Case Study: How I Went About Optimizing My On-Prem to Cloud Copy Performance
Explaining the Use Case
Not too long ago, I built out a solution where the initial component was all centered around data transfer from an On-premises SQL DB and landing that data into ADLS for further ETL processing before landing in my warehouse. The first part of the ETL seemed simple enough, take data from On-Prem and land the incremental into the Data Lake leveraging Synapse Workspace’s Self Hosted Integration Runtime (SHIR). Seemed easy enough, I’ve only done it a thousand times before
A few good hours building out the dynamic process allowing me to incrementally pull data from my predetermined list of tables and the first part of the ETL was done. There I was, finally all wrapped up with my complex integration – ready to get this build up into production. I deploy the solution to the Test environment to check for Processing impacts and boom…the data transfer is spinning for over an hour and it’s still not done.

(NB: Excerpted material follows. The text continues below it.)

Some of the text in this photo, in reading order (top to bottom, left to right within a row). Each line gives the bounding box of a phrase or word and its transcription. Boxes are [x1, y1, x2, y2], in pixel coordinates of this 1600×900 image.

As I sat back and thought about what made this integration different from those I’d done before, there was one glaring difference. The volume of Data for this solution was WAY bigger than solutions I’d built in the past. Even with incremental pulls running hourly to pull in changed records, I was looking at pulling through tens of millions of records through my integration pipeline.

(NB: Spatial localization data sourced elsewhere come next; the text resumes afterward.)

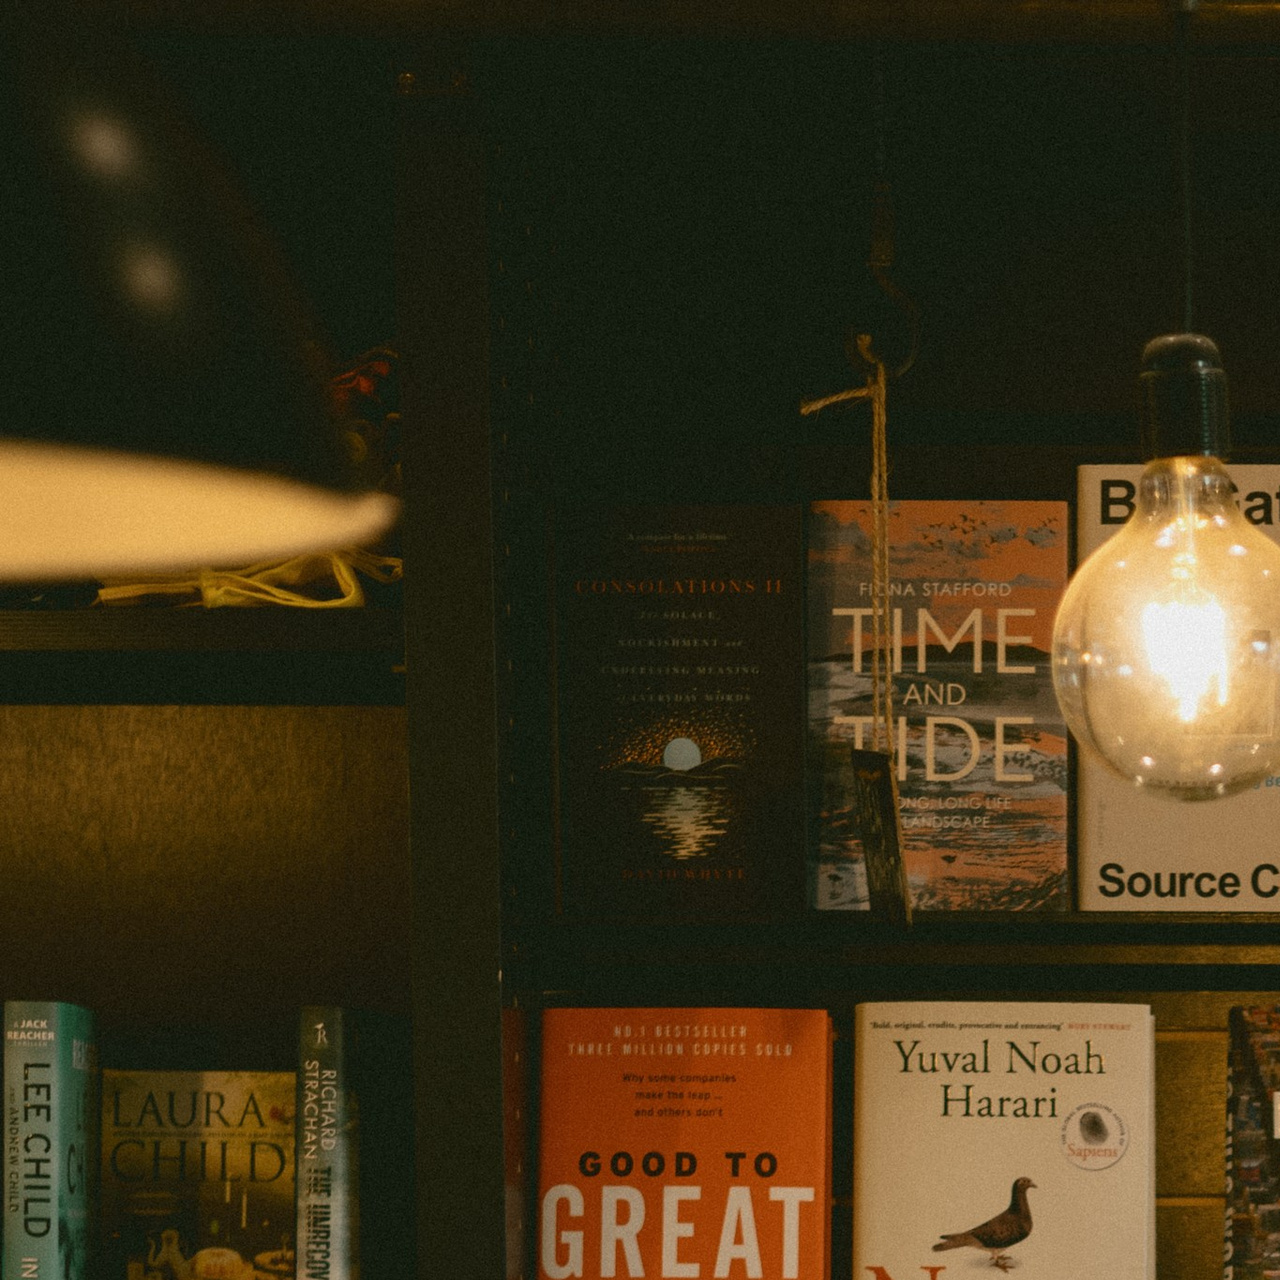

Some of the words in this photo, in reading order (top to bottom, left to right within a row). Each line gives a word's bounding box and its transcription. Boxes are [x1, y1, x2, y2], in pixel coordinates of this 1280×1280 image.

[922, 582, 1011, 596] STAFFORD
[832, 608, 1036, 673] TIME
[903, 684, 966, 705] AND
[833, 717, 1034, 782] TIDE
[1099, 863, 1240, 898] Source
[894, 1040, 990, 1074] Yuval
[1006, 1040, 1106, 1074] Noah
[24, 1062, 51, 1124] LEE
[111, 1090, 266, 1128] LAURA
[941, 1085, 1058, 1118] Harari
[579, 1152, 697, 1177] GOOD
[726, 1152, 779, 1177] TO
[23, 1130, 51, 1237] CHILD
[541, 1184, 815, 1280] GREAT
[22, 1258, 38, 1276] IN

Determined to figure out what I could change to improve throughput and account for large data volume, I turned to my old friend Google and started digging.
In this post, I want to walk you through my process of optimizing On-Prem to Cloud data transfer in Azure Data Factory and Synapse Analytics to explain how these infrastructure components work and how they can be optimized for scale in production environments. In this post my goal is to outline the following information related to the Self Hosted Integration Runtime (SHIR) configuration to create a gateway from cloud resources to the on-premises data stores and outline/explain the following topics:
- Reasoning for scale and purpose of testing SHIR configuration along with detailed overview of SHIR purpose and use case.
- Scaling options and Microsoft design recommendations for this piece of infrastructure.
- Infrastructure Testing Methodology I utilized to determine optimal setup.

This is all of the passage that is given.